_What to work on_
Without the images, repeat every line of the listing exactly.

_Exercise material_

= = = = = = =

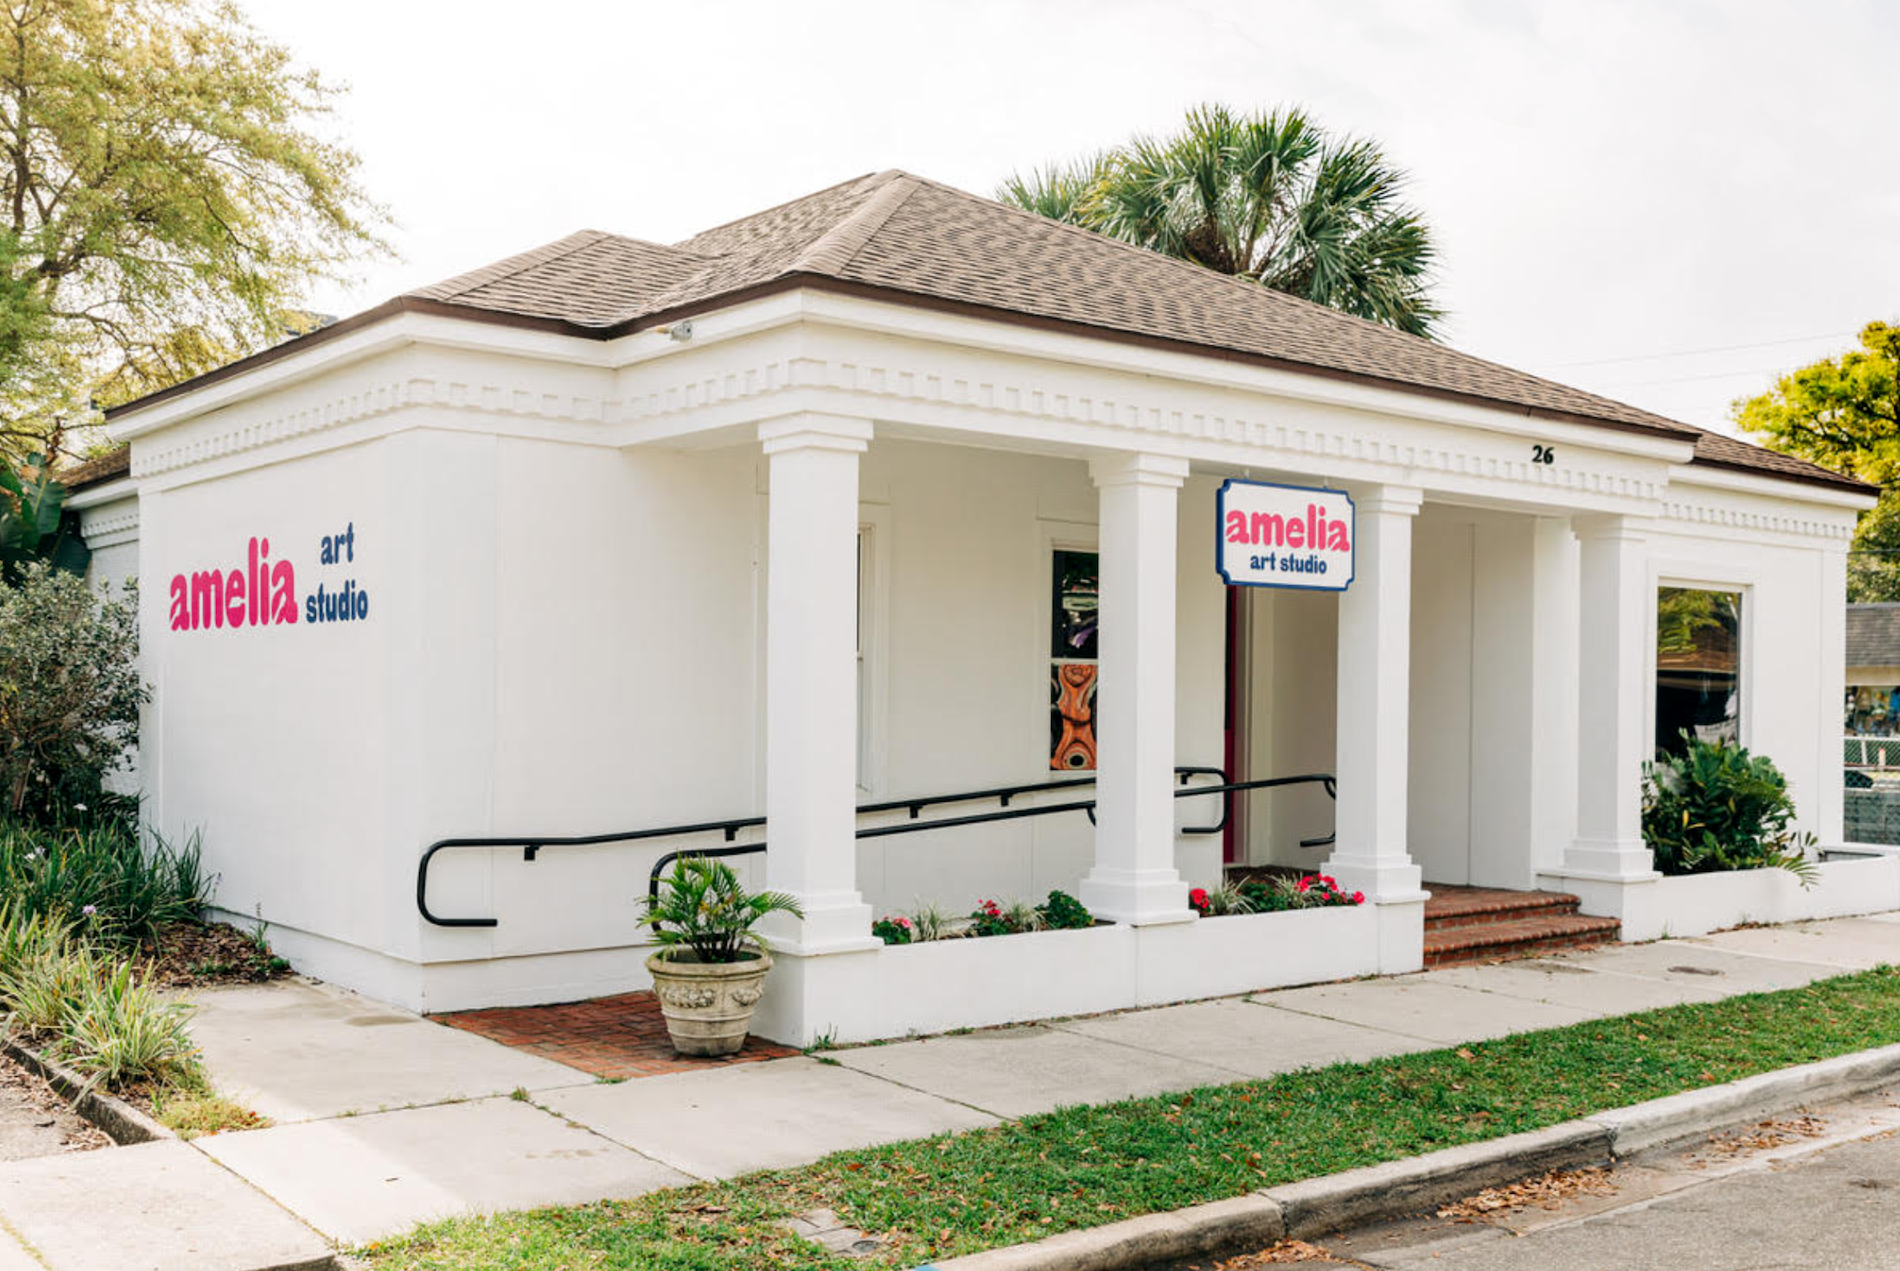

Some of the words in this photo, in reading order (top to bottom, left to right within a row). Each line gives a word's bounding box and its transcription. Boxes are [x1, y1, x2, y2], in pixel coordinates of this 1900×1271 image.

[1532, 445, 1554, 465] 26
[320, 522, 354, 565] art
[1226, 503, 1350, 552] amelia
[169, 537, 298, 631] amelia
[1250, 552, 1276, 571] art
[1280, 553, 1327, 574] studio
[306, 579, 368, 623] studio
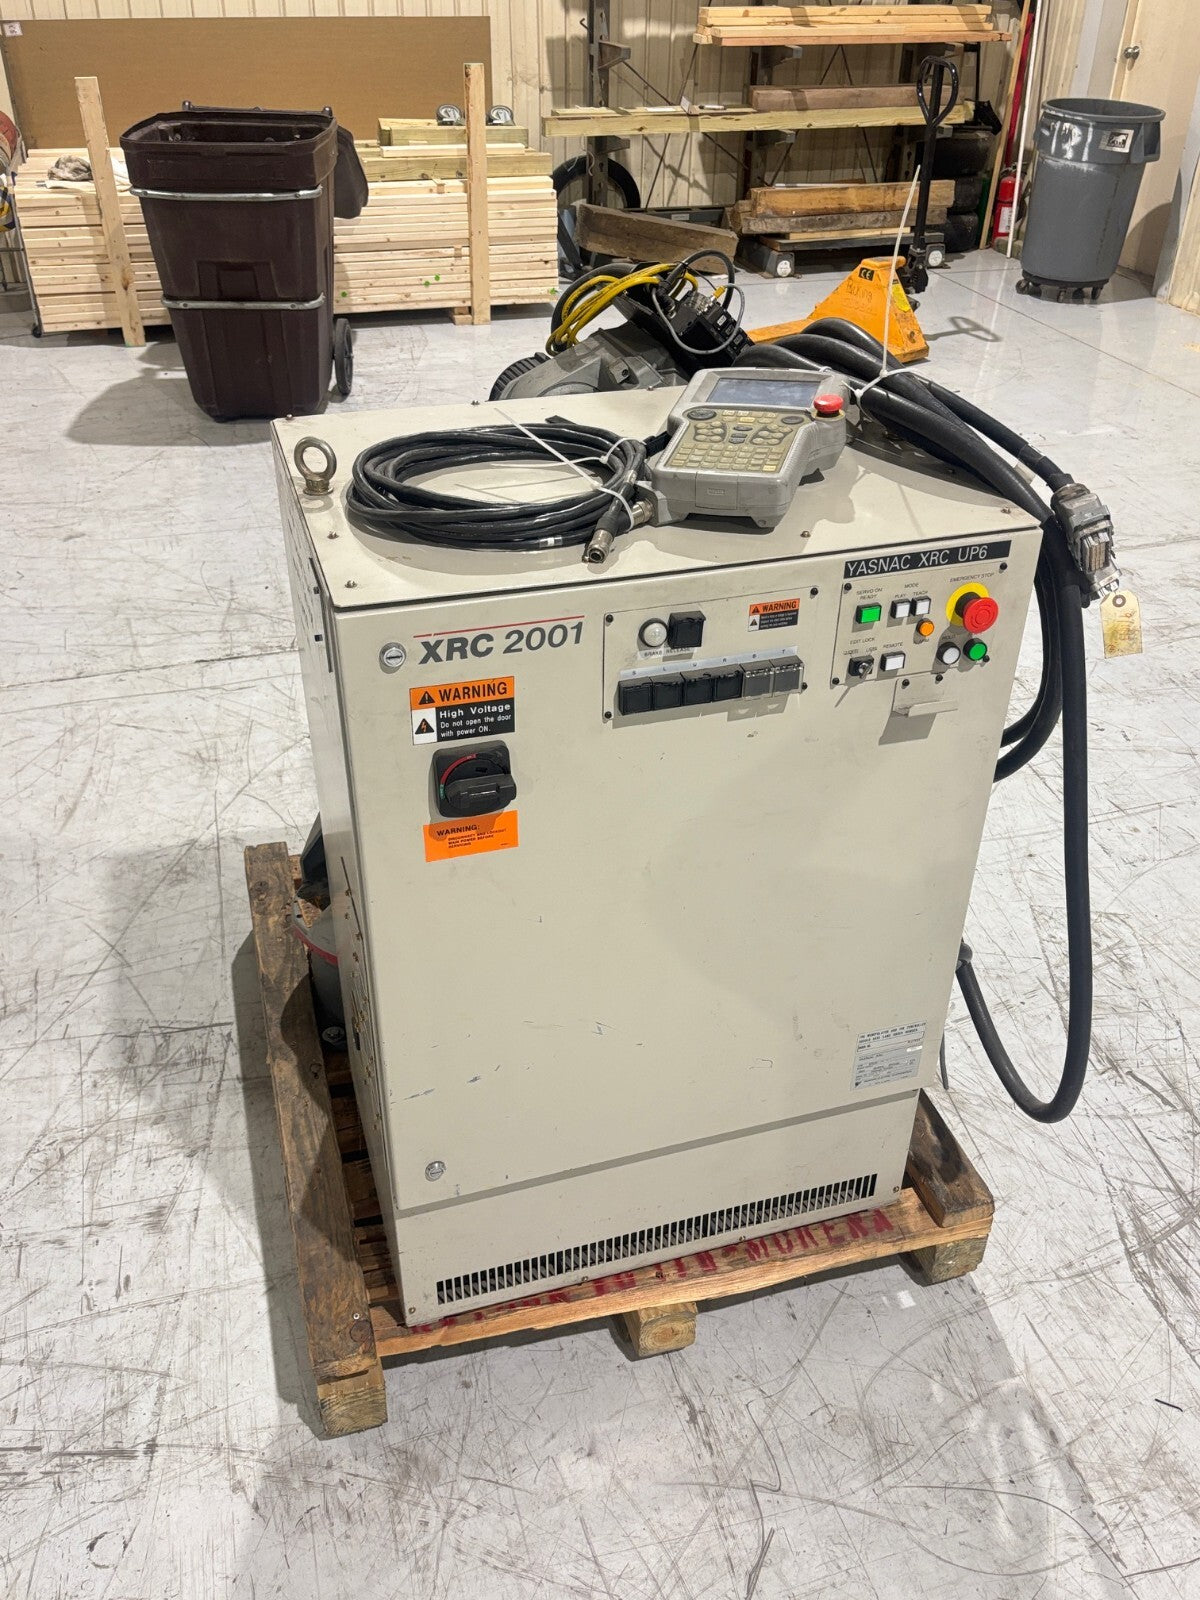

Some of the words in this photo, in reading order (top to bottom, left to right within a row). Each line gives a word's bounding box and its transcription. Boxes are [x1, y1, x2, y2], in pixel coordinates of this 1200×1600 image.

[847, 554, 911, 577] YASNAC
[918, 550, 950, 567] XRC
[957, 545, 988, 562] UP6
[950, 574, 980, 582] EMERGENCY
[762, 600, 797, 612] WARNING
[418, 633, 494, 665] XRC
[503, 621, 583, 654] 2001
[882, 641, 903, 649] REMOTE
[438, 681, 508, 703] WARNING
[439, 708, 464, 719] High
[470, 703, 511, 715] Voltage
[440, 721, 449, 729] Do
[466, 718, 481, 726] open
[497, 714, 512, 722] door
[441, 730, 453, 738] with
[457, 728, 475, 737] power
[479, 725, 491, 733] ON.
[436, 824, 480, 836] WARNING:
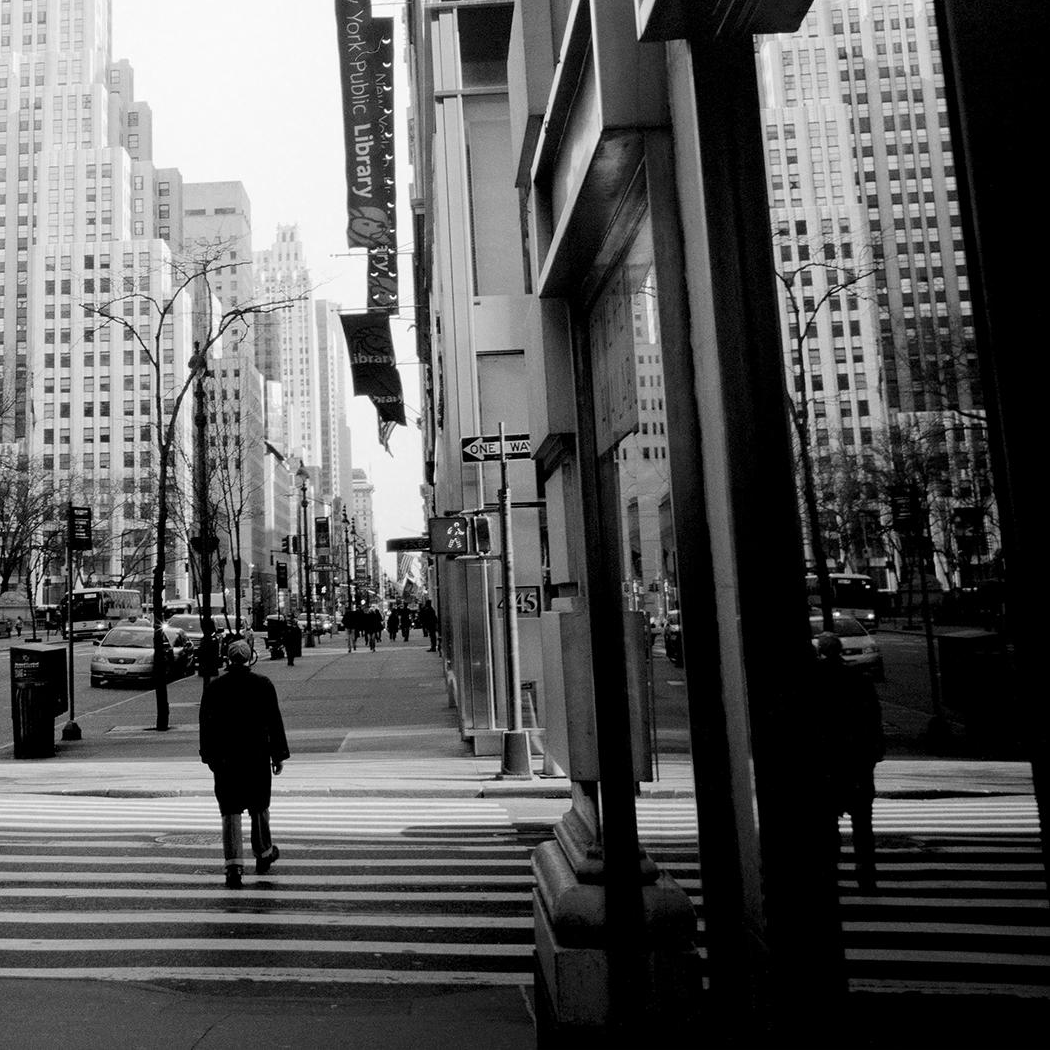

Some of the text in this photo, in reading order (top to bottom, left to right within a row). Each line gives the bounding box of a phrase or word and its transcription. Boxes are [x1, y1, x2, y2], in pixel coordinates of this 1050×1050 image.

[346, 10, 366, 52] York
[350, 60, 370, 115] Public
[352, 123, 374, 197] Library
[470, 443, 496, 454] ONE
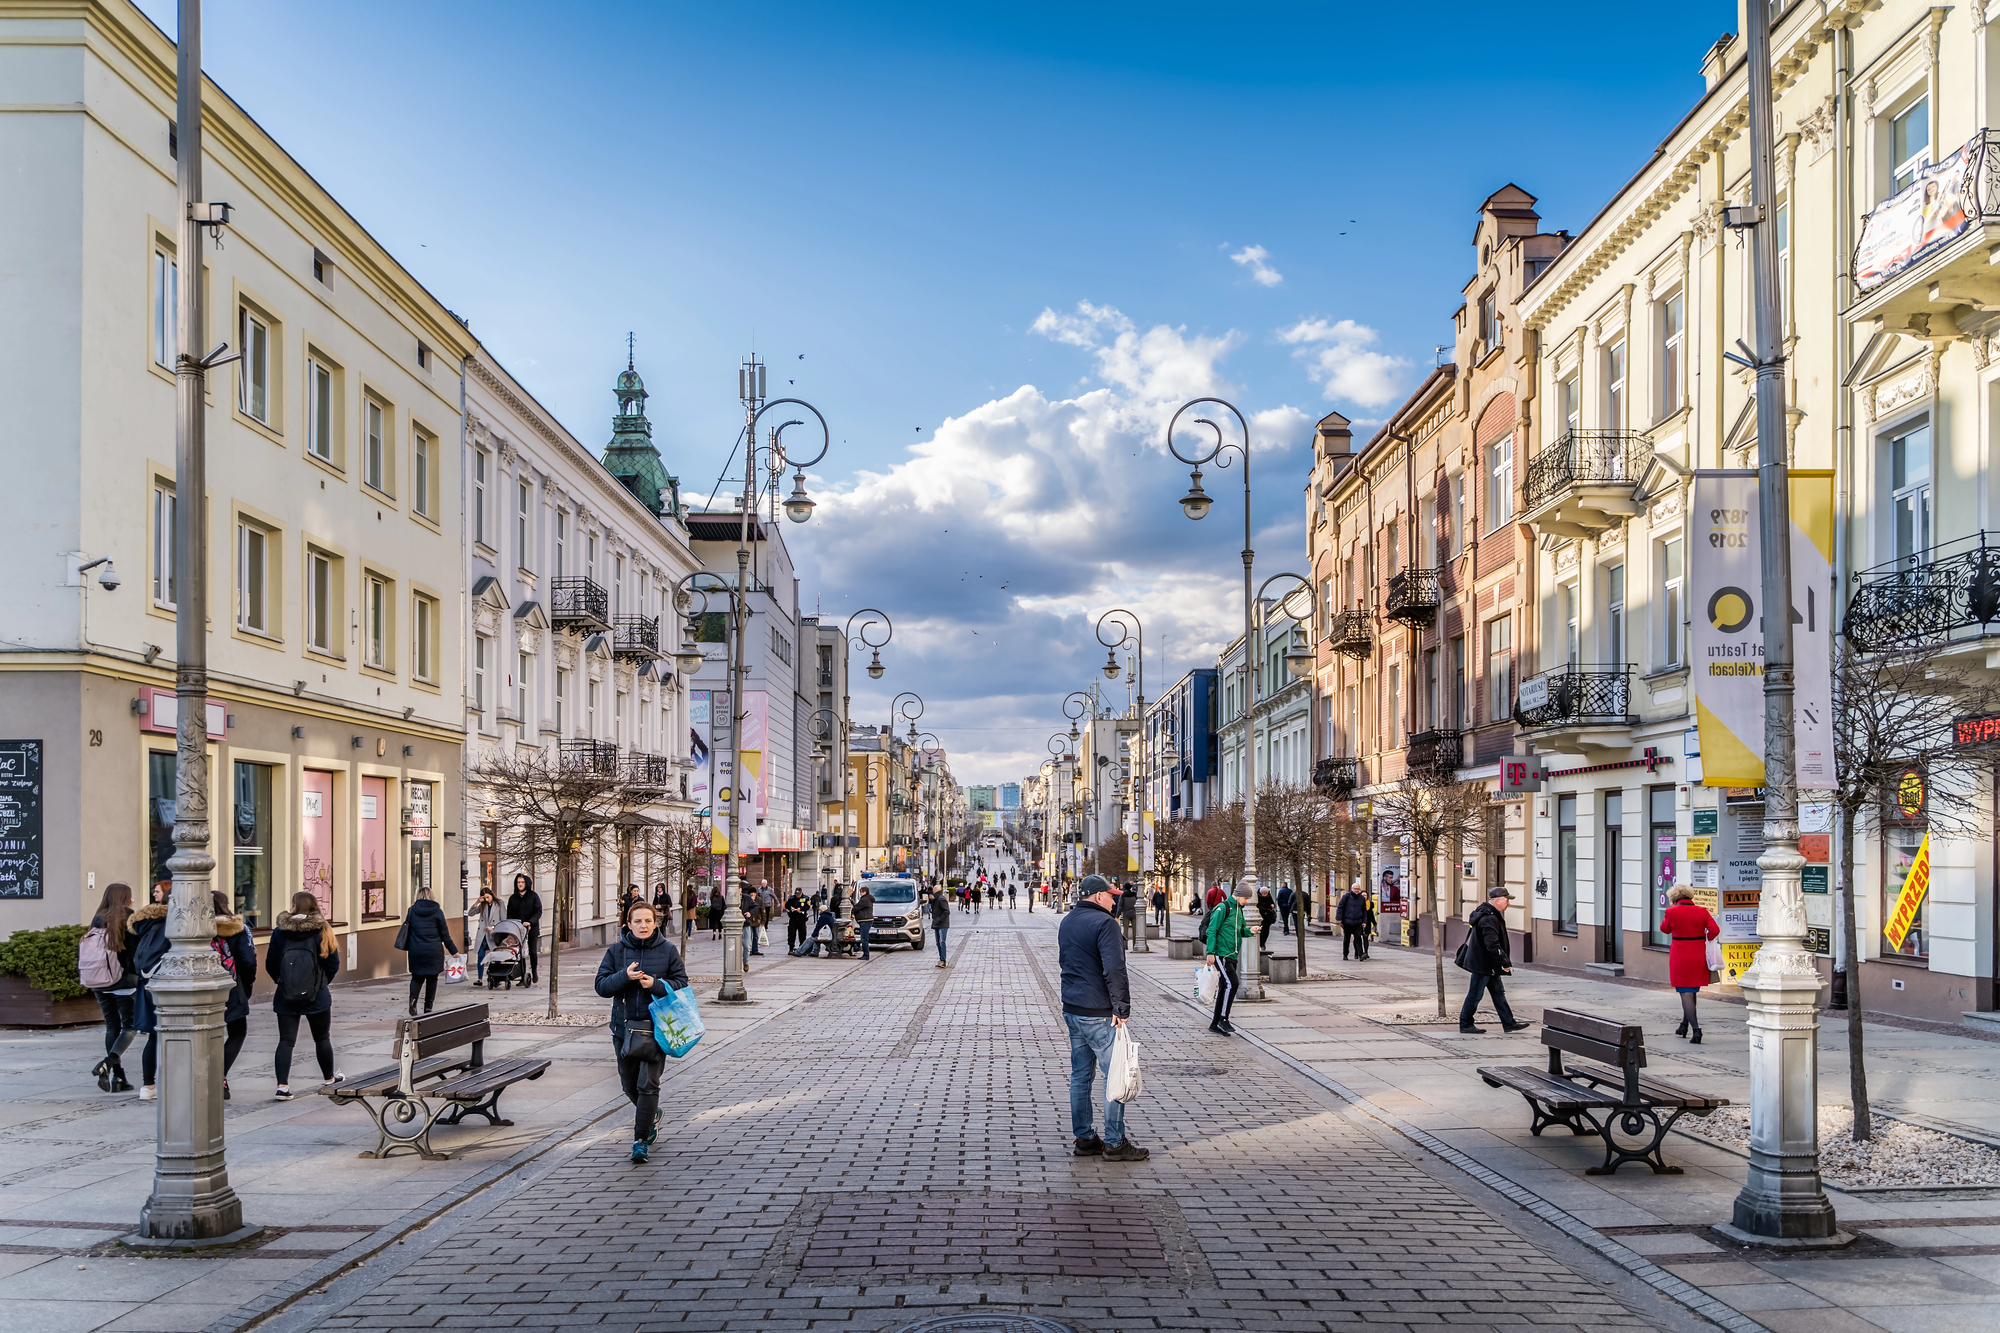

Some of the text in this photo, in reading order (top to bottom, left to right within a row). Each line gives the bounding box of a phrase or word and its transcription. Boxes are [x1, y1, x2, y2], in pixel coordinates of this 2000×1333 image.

= = = = = = =

_Written solution_
Some of the words in this photo, in reading order (top to bottom, left to right within a row). Each line gives a word's bounding box and its transcription. Boxes are [x1, y1, x2, y2], in pixel coordinates of this 1900×1271 image.

[1532, 445, 1554, 465] 26
[320, 522, 354, 565] art
[1226, 503, 1350, 552] amelia
[169, 537, 298, 631] amelia
[1250, 552, 1276, 571] art
[1280, 553, 1327, 574] studio
[306, 579, 368, 623] studio

Some of the words in this photo, in reading order (top to bottom, left to right within a row). Each line gives a word's bounding box and its transcription. Boxes are [x1, y1, x2, y2], in pixel coordinates of this 1200×1600 image.

[847, 554, 911, 577] YASNAC
[918, 550, 950, 567] XRC
[957, 545, 988, 562] UP6
[950, 574, 980, 582] EMERGENCY
[762, 600, 797, 612] WARNING
[418, 633, 494, 665] XRC
[503, 621, 583, 654] 2001
[882, 641, 903, 649] REMOTE
[438, 681, 508, 703] WARNING
[439, 708, 464, 719] High
[470, 703, 511, 715] Voltage
[440, 721, 449, 729] Do
[466, 718, 481, 726] open
[497, 714, 512, 722] door
[441, 730, 453, 738] with
[457, 728, 475, 737] power
[479, 725, 491, 733] ON.
[436, 824, 480, 836] WARNING:

Some of the text in this photo, in reading order (top to bottom, left to right within a row). Each line gives the bounding box of a phrase or word and its transcription. Boxes are [x1, y1, x2, y2], in pixel coordinates of this 1050×1050 image.

[346, 10, 366, 52] York
[350, 60, 370, 115] Public
[352, 123, 374, 197] Library
[470, 443, 496, 454] ONE

Some of the text in this photo, in reading order (top to bottom, left to right within a row). Each line gives the bounding box of a phrase or word and its transcription. Boxes are [x1, y1, x2, y2], in pixel coordinates of this 2000×1333 image.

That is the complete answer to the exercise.